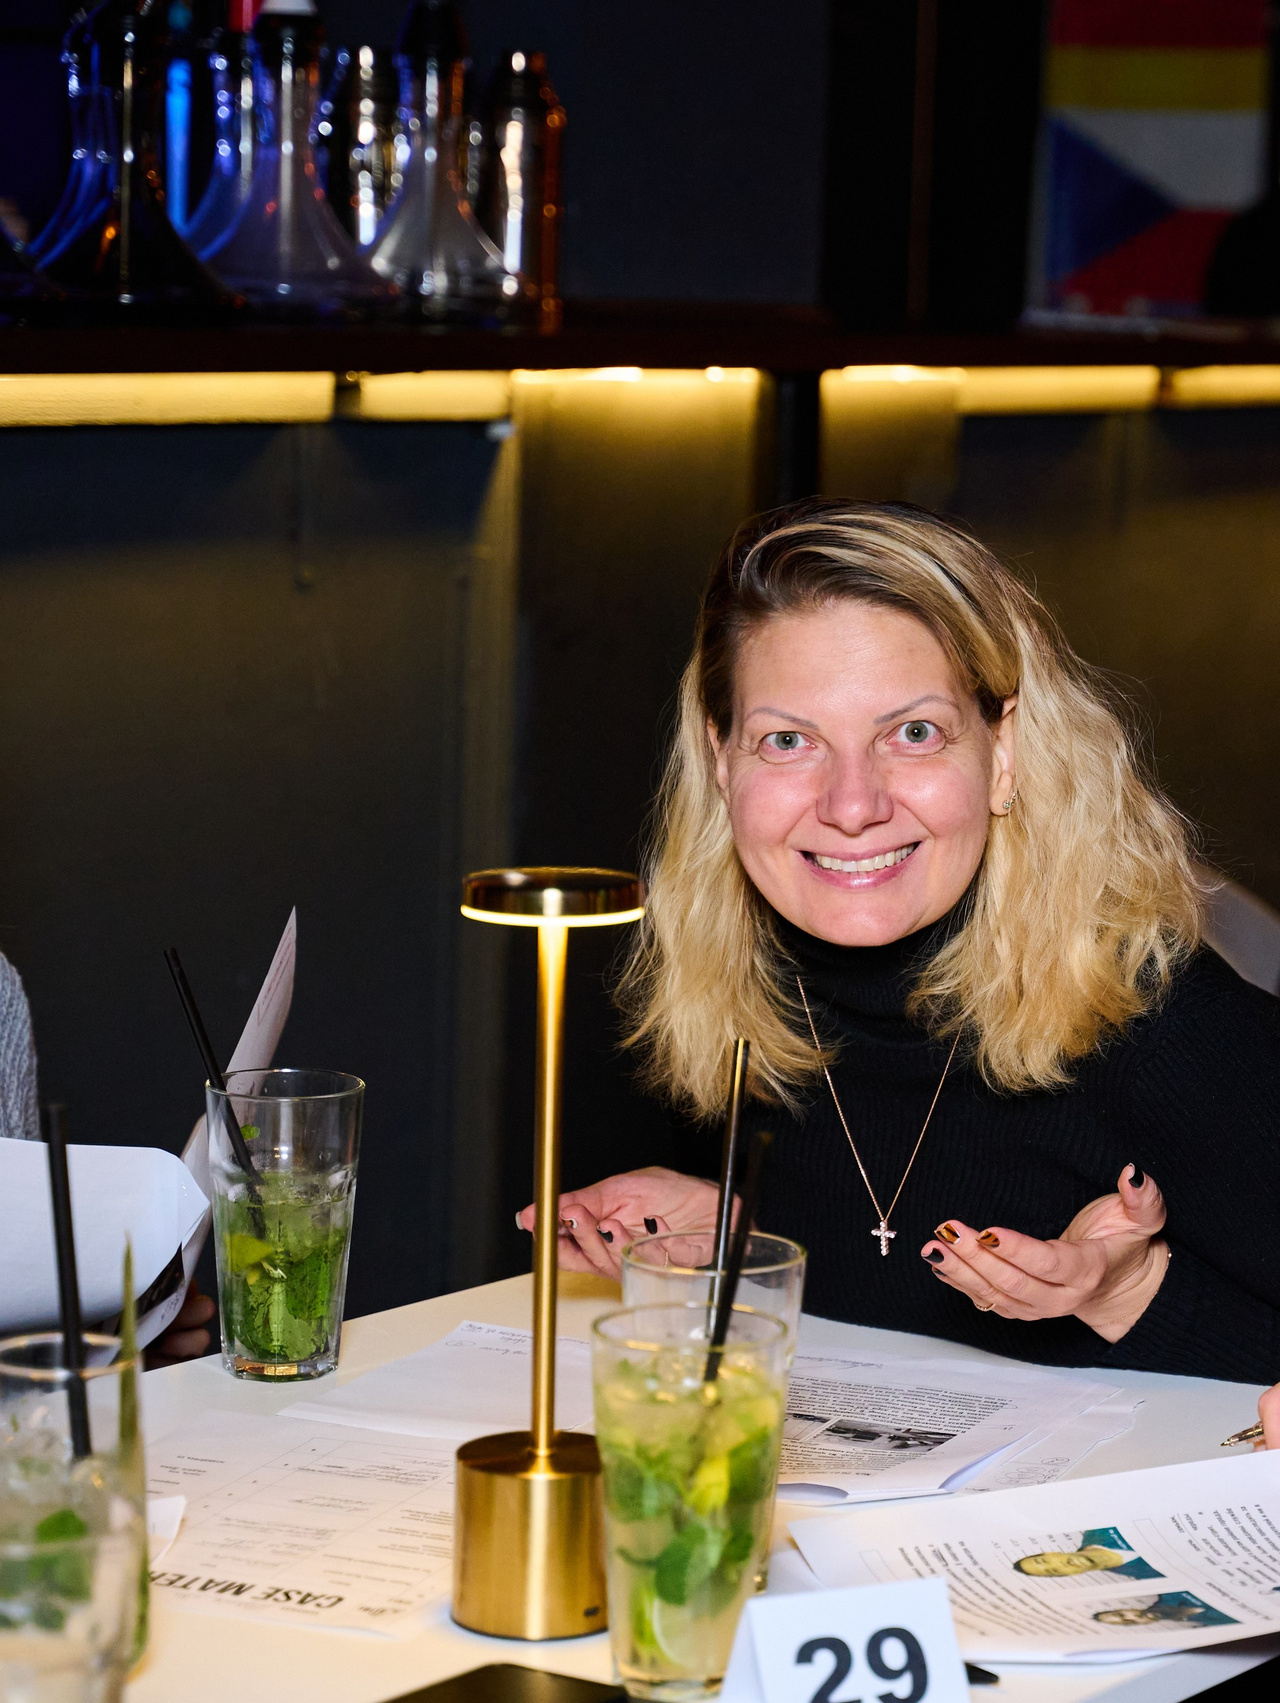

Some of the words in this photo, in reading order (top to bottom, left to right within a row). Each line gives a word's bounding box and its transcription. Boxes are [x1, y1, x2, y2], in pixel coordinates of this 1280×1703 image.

[1224, 1508, 1242, 1524] службе
[251, 1586, 344, 1609] CASE
[795, 1627, 928, 1703] 29
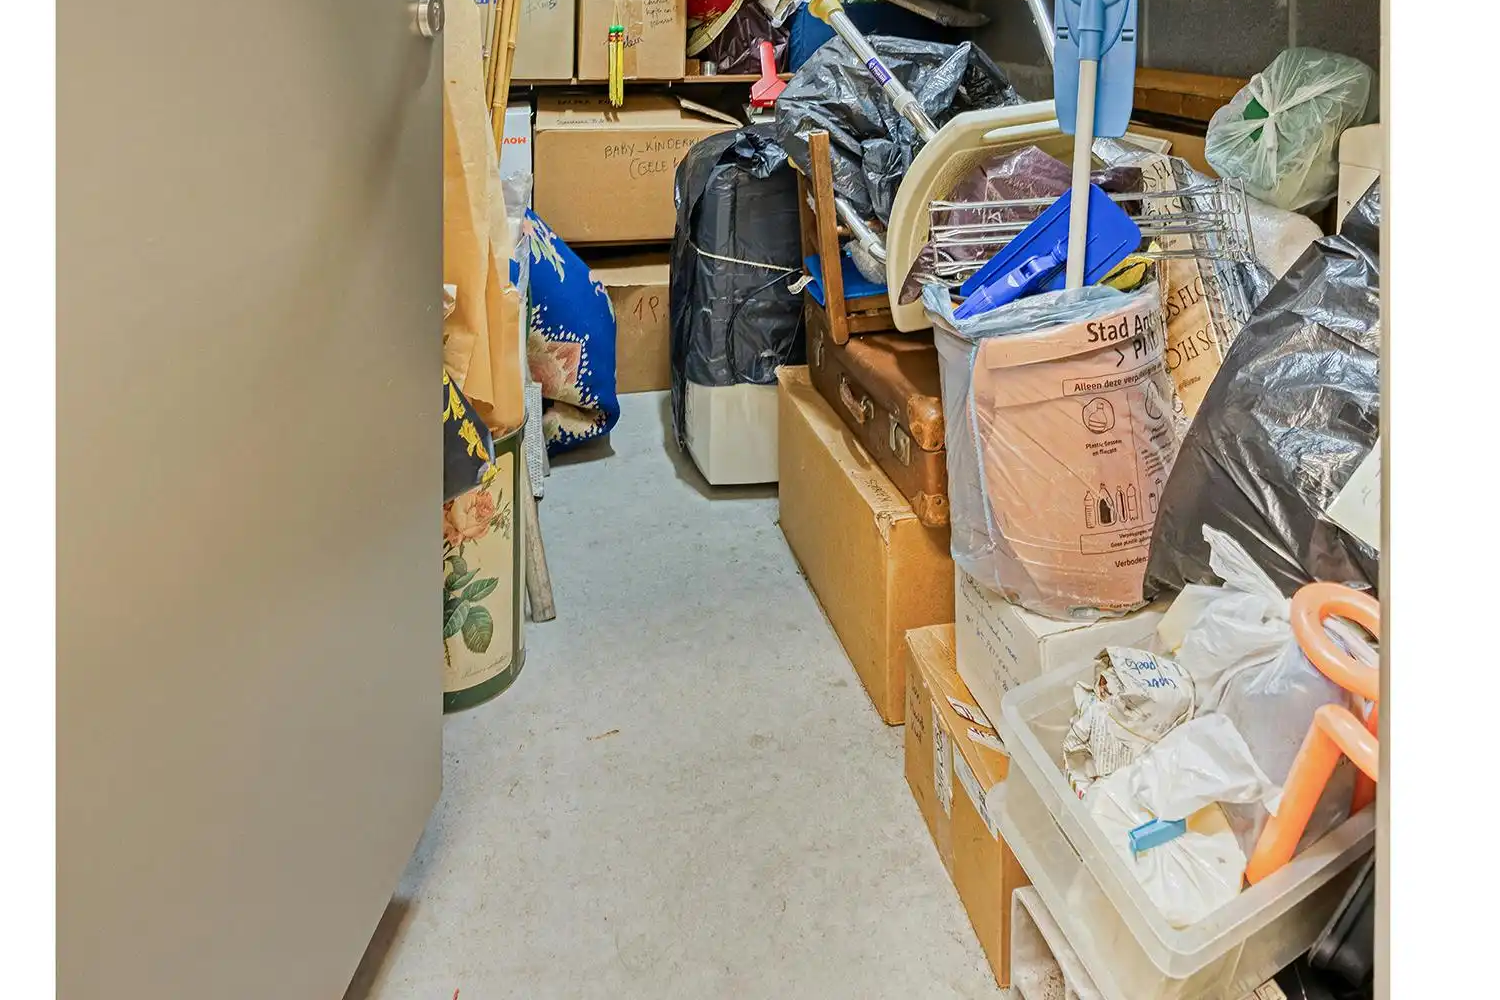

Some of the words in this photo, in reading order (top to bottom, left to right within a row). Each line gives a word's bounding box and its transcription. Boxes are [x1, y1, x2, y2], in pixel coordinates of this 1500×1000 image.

[1086, 316, 1129, 343] Stad
[1074, 381, 1102, 393] Alleen
[1104, 378, 1122, 389] deze

◇ ◇ ◇ ◇ ◇

Please restate word for word only the lines running from the line that contains "this 1500×1000 image." to the final line of the listing above.

Some of the words in this photo, in reading order (top to bottom, left to right within a row). Each line gives a word's bounding box and its transcription. Boxes are [x1, y1, x2, y2], in pixel coordinates of this 1500×1000 image.

[1086, 316, 1129, 343] Stad
[1074, 381, 1102, 393] Alleen
[1104, 378, 1122, 389] deze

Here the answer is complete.